Dataset records =>
Segment Open

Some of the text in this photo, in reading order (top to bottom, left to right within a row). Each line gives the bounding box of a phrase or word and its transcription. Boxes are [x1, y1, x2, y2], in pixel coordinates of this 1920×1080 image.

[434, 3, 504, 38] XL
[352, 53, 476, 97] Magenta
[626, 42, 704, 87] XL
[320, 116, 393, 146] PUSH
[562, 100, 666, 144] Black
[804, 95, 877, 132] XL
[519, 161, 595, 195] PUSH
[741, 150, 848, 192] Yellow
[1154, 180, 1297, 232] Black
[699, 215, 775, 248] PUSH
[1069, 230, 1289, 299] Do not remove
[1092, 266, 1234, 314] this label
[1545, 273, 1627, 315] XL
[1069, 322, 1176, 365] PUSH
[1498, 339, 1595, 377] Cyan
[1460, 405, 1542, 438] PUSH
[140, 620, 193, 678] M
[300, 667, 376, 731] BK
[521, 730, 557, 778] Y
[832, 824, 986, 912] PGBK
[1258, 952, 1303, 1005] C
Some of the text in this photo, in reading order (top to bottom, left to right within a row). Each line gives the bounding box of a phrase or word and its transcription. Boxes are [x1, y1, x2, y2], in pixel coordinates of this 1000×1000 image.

Segment Closed
Segment Open

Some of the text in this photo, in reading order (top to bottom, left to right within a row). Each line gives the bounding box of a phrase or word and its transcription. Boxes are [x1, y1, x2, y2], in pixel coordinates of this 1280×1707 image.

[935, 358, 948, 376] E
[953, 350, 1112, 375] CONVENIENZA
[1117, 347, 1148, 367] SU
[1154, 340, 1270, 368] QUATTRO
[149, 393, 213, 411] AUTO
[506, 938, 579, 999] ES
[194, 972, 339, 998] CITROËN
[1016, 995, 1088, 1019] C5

Segment Closed

Problem details => Repeat, character for character, the lines of the material above from the line with "this 1920×1080 image." through the line with "this 1000×1000 image.".

Task answer =>
Some of the text in this photo, in reading order (top to bottom, left to right within a row). Each line gives the bounding box of a phrase or word and its transcription. Boxes are [x1, y1, x2, y2], in pixel coordinates of this 1920×1080 image.

[434, 3, 504, 38] XL
[352, 53, 476, 97] Magenta
[626, 42, 704, 87] XL
[320, 116, 393, 146] PUSH
[562, 100, 666, 144] Black
[804, 95, 877, 132] XL
[519, 161, 595, 195] PUSH
[741, 150, 848, 192] Yellow
[1154, 180, 1297, 232] Black
[699, 215, 775, 248] PUSH
[1069, 230, 1289, 299] Do not remove
[1092, 266, 1234, 314] this label
[1545, 273, 1627, 315] XL
[1069, 322, 1176, 365] PUSH
[1498, 339, 1595, 377] Cyan
[1460, 405, 1542, 438] PUSH
[140, 620, 193, 678] M
[300, 667, 376, 731] BK
[521, 730, 557, 778] Y
[832, 824, 986, 912] PGBK
[1258, 952, 1303, 1005] C
Some of the text in this photo, in reading order (top to bottom, left to right within a row). Each line gives the bounding box of a phrase or word and its transcription. Boxes are [x1, y1, x2, y2], in pixel coordinates of this 1000×1000 image.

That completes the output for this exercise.